Saved data entries:
───
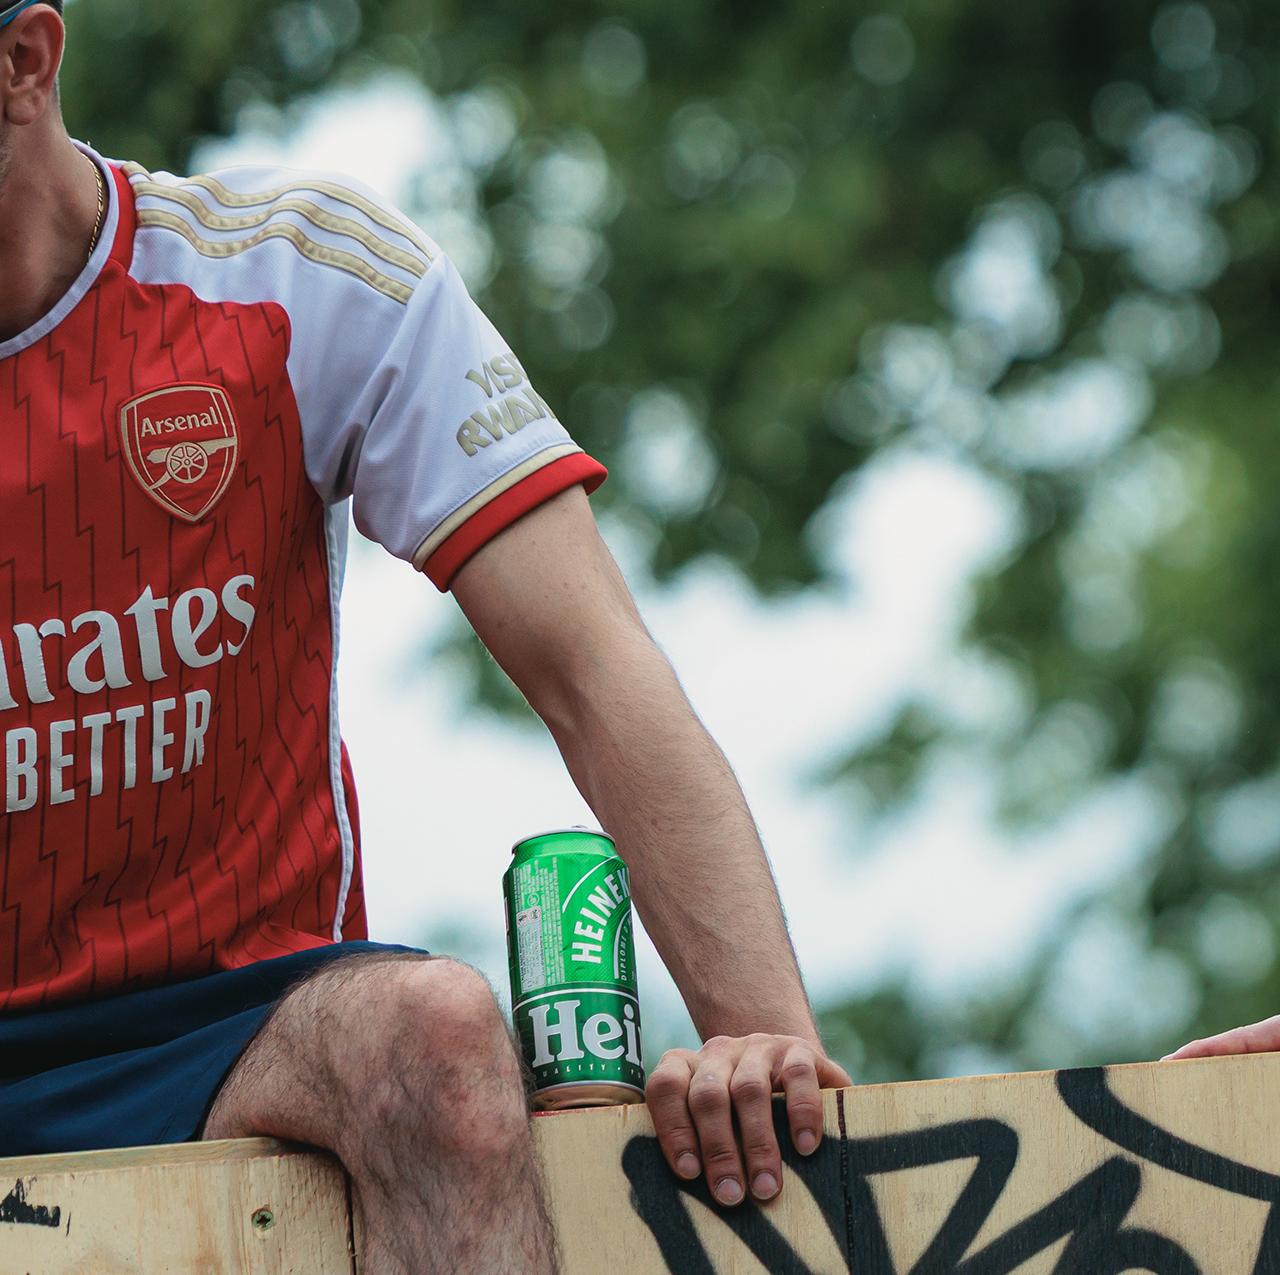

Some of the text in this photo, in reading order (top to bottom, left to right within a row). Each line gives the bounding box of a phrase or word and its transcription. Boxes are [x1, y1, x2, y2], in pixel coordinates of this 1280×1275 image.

[465, 352, 529, 398] VISI
[141, 407, 219, 438] Arsenal
[456, 387, 557, 458] RWAN
[6, 689, 211, 813] BETTER
[571, 867, 631, 964] HEINEK
[528, 1000, 643, 1068] Hei
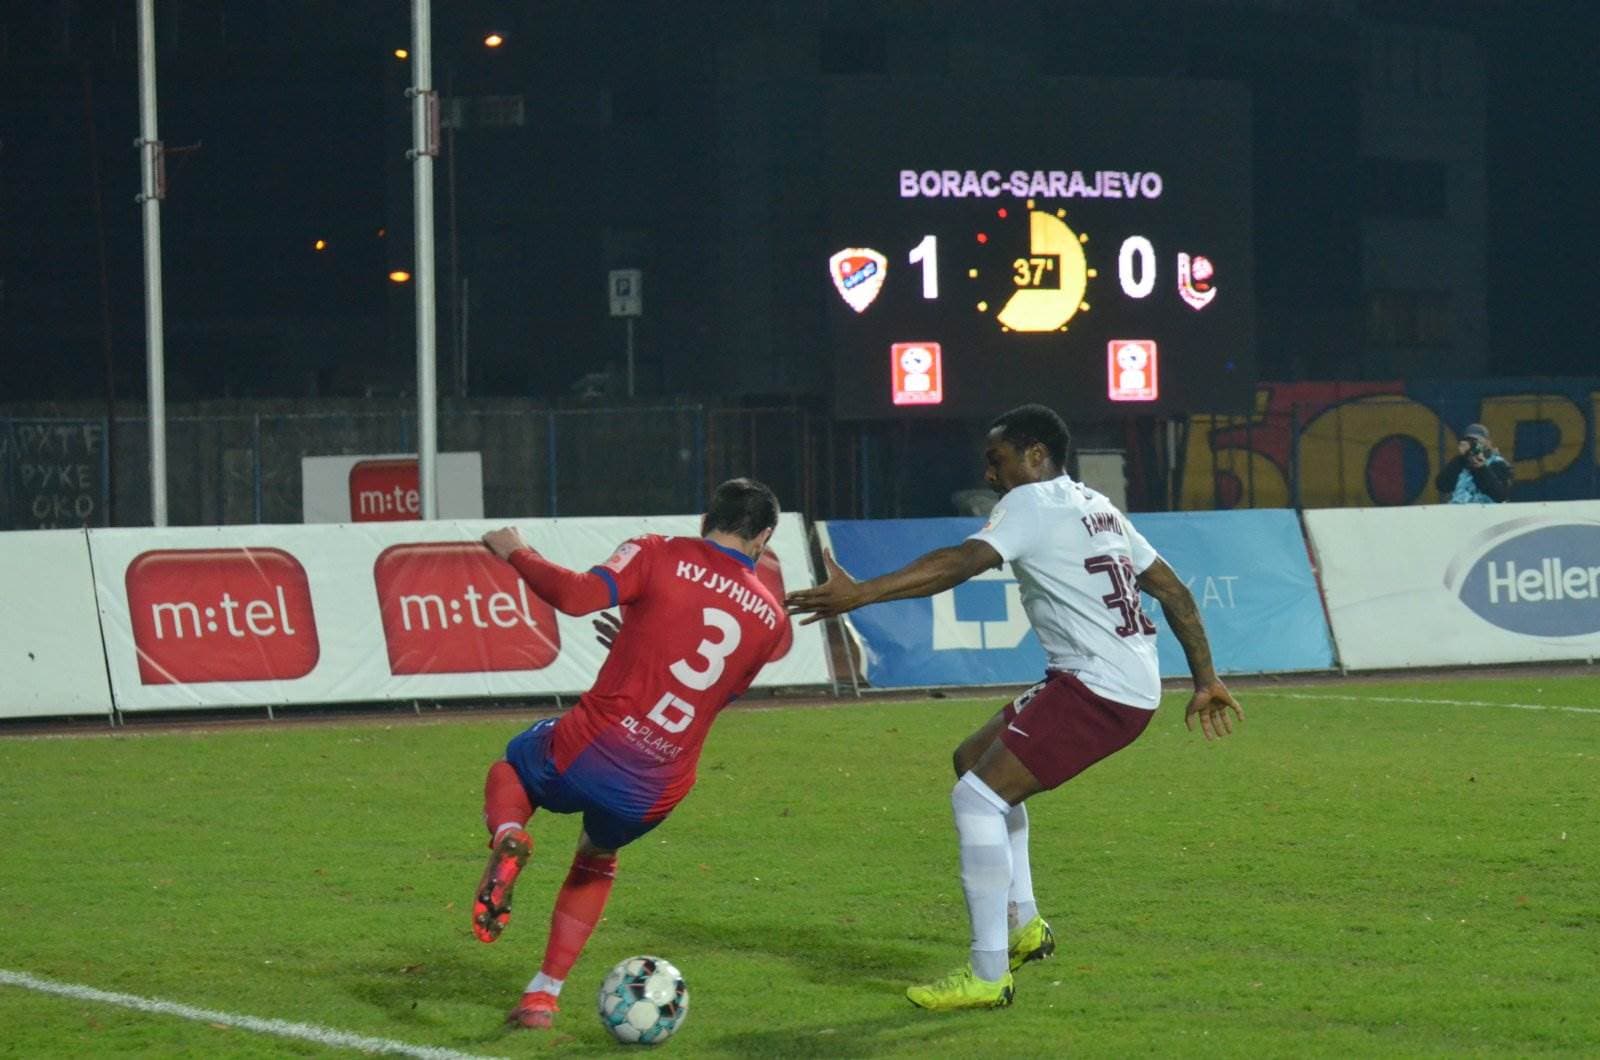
───
**To do**
In the answer, the data should reappear exactly, with no pictures.

**Reply to the task**
Some of the text in this photo, in reading order (top to bottom, left to right within a row). Each line gives the bounding box of a phrase or word and its transcription. Boxes are [x1, y1, x2, y2], in pixel coordinates of this 1280×1275 image.

[465, 352, 529, 398] VISI
[141, 407, 219, 438] Arsenal
[456, 387, 557, 458] RWAN
[6, 689, 211, 813] BETTER
[571, 867, 631, 964] HEINEK
[528, 1000, 643, 1068] Hei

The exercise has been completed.